The Skinny: Former Guardian Corps soldier Lightning embarks on a journey to save her sister Serah after she becomes an l'Cie, a marked person who faces the lose-lose situation of either fulfilling a chosen task (called a Focus) and turning into a crystal or dying before completing the task and turning into a horrible monster. 

The Good: Many role-playing games take upwards of 100 hours to complete in its entirety, so earmarking that much time into one personal endeavor is a huge investment of one's entertainment budget. In fact, one of the greatest compliments you can give a RPG is that you would finish it. With that said, we finished Final Fantasy XIII. And we enjoyed it—a lot. Even looking at screens like the one below may turn many a casual gamers' brains in mush, but FFXIII does an admirable job melding what makes the series great—namely, long, fantastical adventures through a stranger than fiction future—and implements player-friendly components that don't bog down the action.
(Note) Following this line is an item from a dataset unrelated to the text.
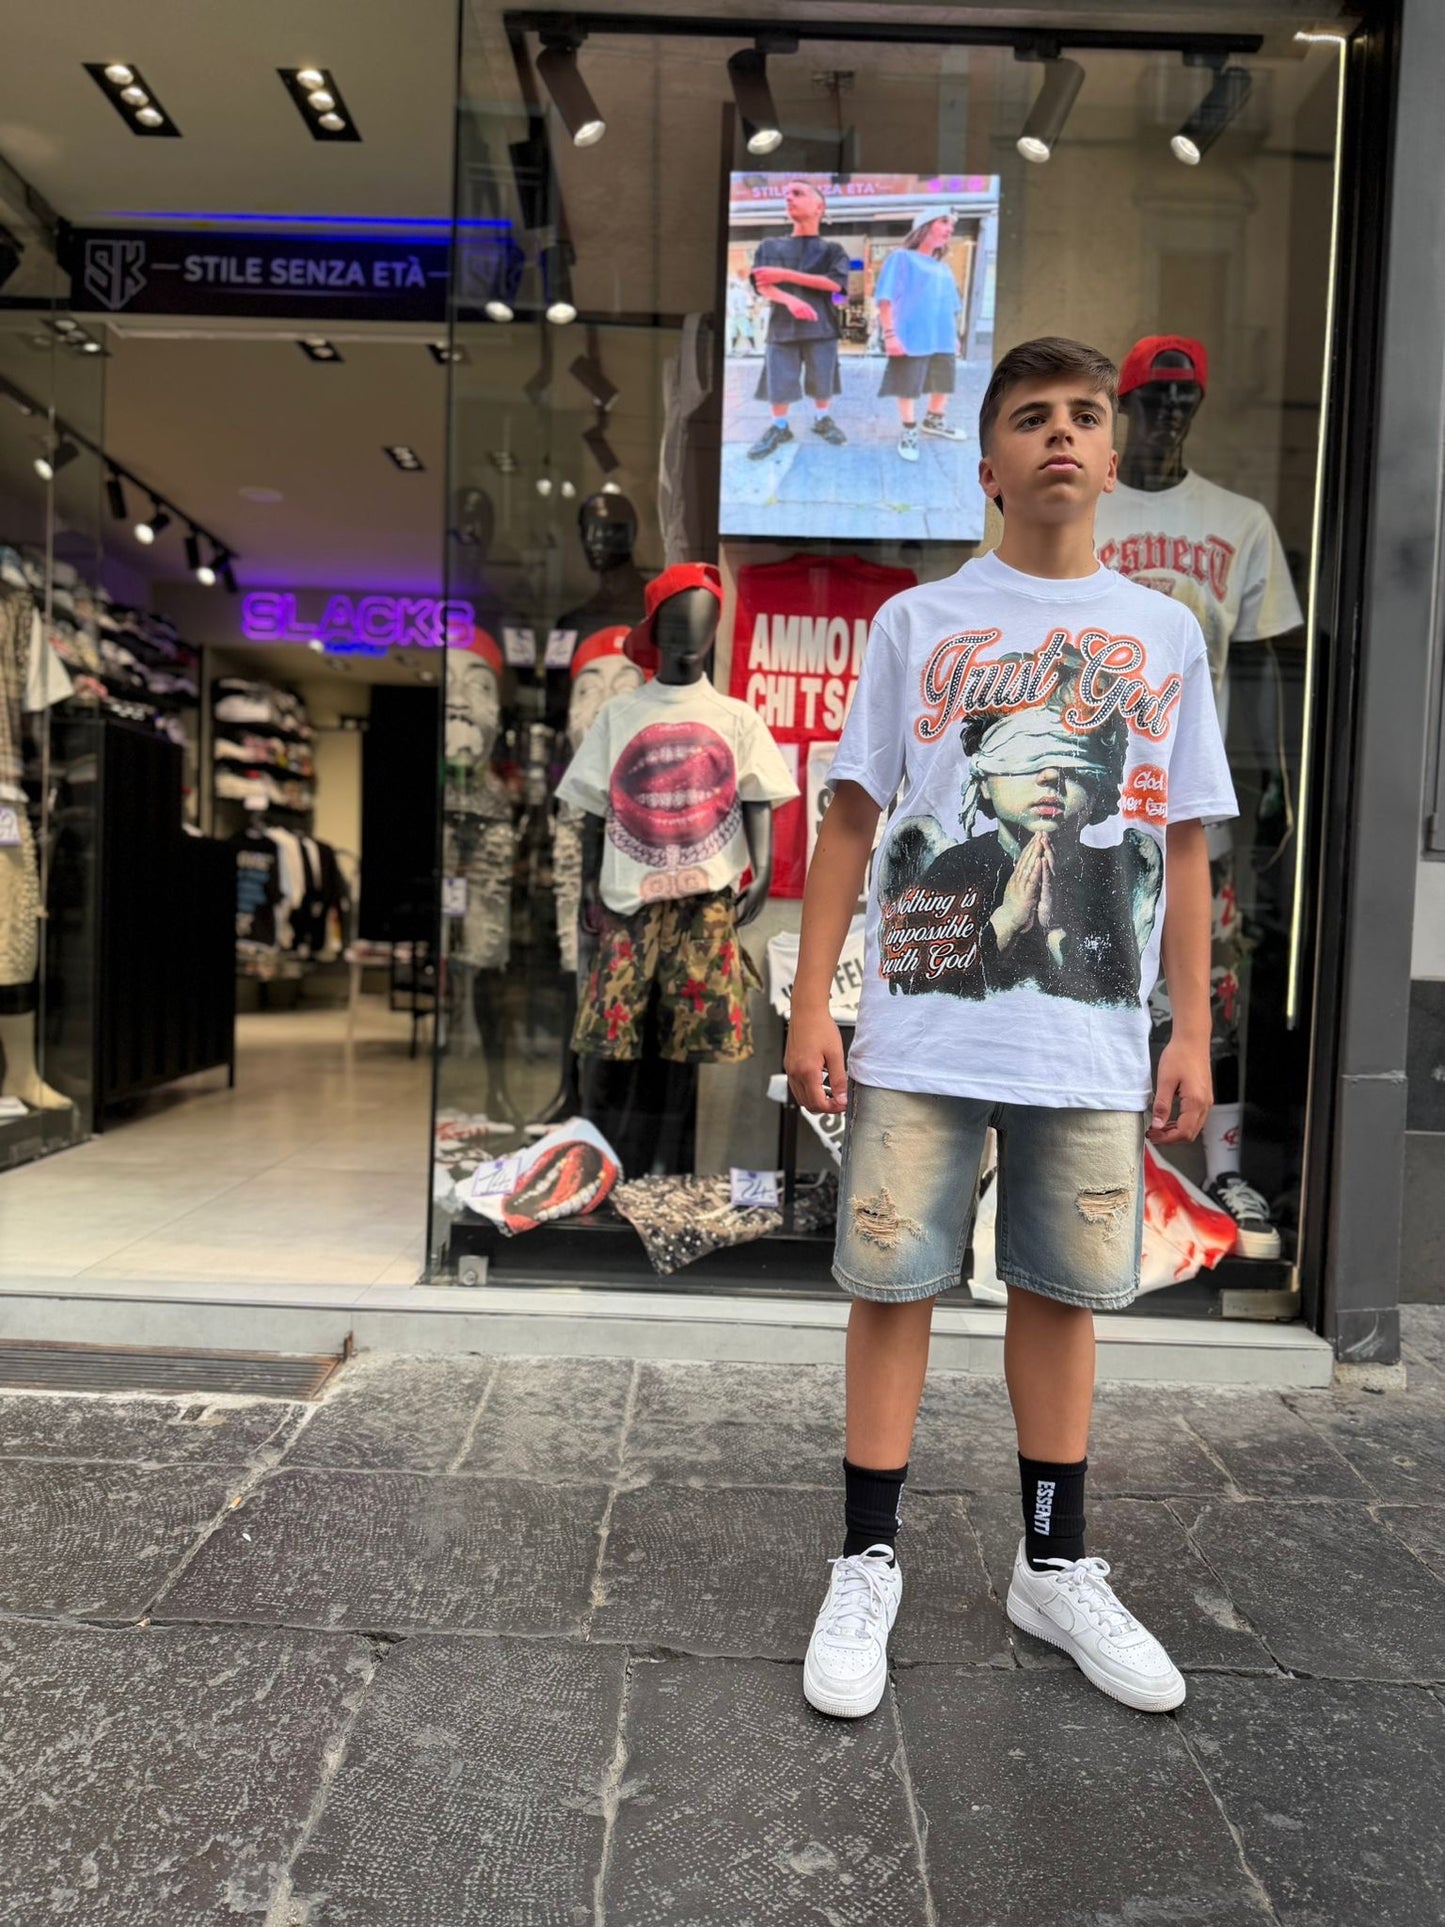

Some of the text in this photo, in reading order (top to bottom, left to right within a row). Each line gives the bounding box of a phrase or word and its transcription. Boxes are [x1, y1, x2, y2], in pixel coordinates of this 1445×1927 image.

Kudos to the art team for, once again, pushing the graphical bar even higher and the story, while filled with many twists and characters, eventually boils down into the essential conflict between good and evil that great video game epics demand.



The Bad:
Previous iterations provided a go-anywhere approach which plopped your character down in a town and forced them to find their way about the world. We actually prefer FFXIII's more linear storyline as it provides a firmer story structure and a more seamless experience from other game genres for non-RPG peeps. Others may take exception, so to each their own. Also, as to be expected from a Japanese-developed series, there is a lot of crazy melodrama—manifested with the usual FF gasps—that you'll just have to learn to let go over your head. 



Maxim-ized:
We got to play the game on a million-dollar home theater system. Yeah, it was awesome.

Buy, Rent, or Disembowel?
You'll be greeted with a little more than 35 hours of wall-to-wall boss battles that keep you on your toes. It's definitely a game you want to get lost in.